Edwards wouldn’t retire as the emeritus pastor of his church. In 1750, the congregation kicked him out because he attempted to rid it of all Halfway Covenant remnants and call the people to more holy lives. He moved to the borders of Massachusetts, became a missionary pastor to 150 Mahican and Mohawk families, and continued to write. In 1757, he became president of the College of New Jersey (today Princeton University) and died a few months later.
So, back to my trip to Northampton. I’d imagine if a reenactment of Edwards’s “Sinners in the Hands of an Angry God” were performed, the sermon’s final plea would be responded to with a shallow ripple of smug chuckles. “Therefore, let every one that is out of Christ, now awake and fly from the wrath to come,” Edwards preaches, “The wrath of Almighty God is now undoubtedly hanging over a great part of this congregation. Let every one fly out of Sodom: ‘Haste and escape for your lives, look not behind you, escape to the mountain, lest you be consumed.'”
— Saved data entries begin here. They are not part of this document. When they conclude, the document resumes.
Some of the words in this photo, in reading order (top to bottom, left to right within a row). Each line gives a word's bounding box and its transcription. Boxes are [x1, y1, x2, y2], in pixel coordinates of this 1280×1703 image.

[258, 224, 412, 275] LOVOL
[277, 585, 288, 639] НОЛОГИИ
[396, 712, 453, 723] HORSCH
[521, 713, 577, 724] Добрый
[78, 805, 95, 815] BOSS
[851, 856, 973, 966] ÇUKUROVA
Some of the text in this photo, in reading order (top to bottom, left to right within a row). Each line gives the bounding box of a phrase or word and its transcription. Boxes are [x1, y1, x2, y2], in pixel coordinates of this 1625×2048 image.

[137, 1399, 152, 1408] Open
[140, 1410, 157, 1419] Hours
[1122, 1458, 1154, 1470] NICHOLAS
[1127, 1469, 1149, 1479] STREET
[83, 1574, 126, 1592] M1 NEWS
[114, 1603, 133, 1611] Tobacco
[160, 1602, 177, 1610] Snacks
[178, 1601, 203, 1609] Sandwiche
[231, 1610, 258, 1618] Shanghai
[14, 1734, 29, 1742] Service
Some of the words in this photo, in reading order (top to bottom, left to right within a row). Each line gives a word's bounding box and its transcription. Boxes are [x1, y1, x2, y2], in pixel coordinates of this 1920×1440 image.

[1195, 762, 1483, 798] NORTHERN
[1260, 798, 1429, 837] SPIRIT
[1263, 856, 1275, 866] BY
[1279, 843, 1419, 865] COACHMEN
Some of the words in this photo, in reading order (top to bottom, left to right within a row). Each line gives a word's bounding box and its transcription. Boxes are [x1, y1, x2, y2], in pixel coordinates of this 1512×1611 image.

What can we do as pastors, knowing our moment in history is so much more within a fallen world? Here are a few lessons I see in Jonathan Edwards. I hope they’re helpful.
Substance over show
Let’s concentrate on the substance of the sermons from our pulpits and not so much the messenger. Historians suggest that Edwards read his sermons with little gesture and inflection in his voice which might help balance where we concentrate our preparation – less on delivery and more on doctrine.
No halfway measures
This is a difficult one because there is so little support in people’s daily lives to push them toward holiness. Edwards took a stand that would not only cost him his pulpit, but would shrink the church if enacted. It is easy for us to want the requirements of holiness to be lessened or amended. It may show up through our minimal membership requirements or absence of church discipline or simply our reluctance toward confrontation. Luke 20:18 says, “Everyone who falls on that stone will be broken to pieces; anyone on whom it falls will be crushed”. Let us be broken.
Compassion and truth
Edwards was not without compassion. The message of God’s invitation is throughout his sermons and it’s a compassionate plea to be converted and join the people of God. However, it’s a truthful message. It doesn’t hide Hell in a corner for some other, more suitable time to discuss. “O sinner!” Edwards preaches. “Consider the fearful danger you are in: it is a great furnace of wrath, a wide and bottomless pit, full of the fire of wrath, that you are held over in the hand of that God, whose wrath is provoked and incensed as much against you, as against many of the damned in hell. You hang by a slender thread, with the flames of divine wrath flashing about it, and ready every moment to singe it, and burn it asunder…”
Jonathan Edwards is a powerful preacher from the past, and one who can speak into our present ministries as we are carried along in the Gospel work God calls us to do. If you want more resources on Jonathan Edwards, I’d encourage you to visit edwards.yale.edu.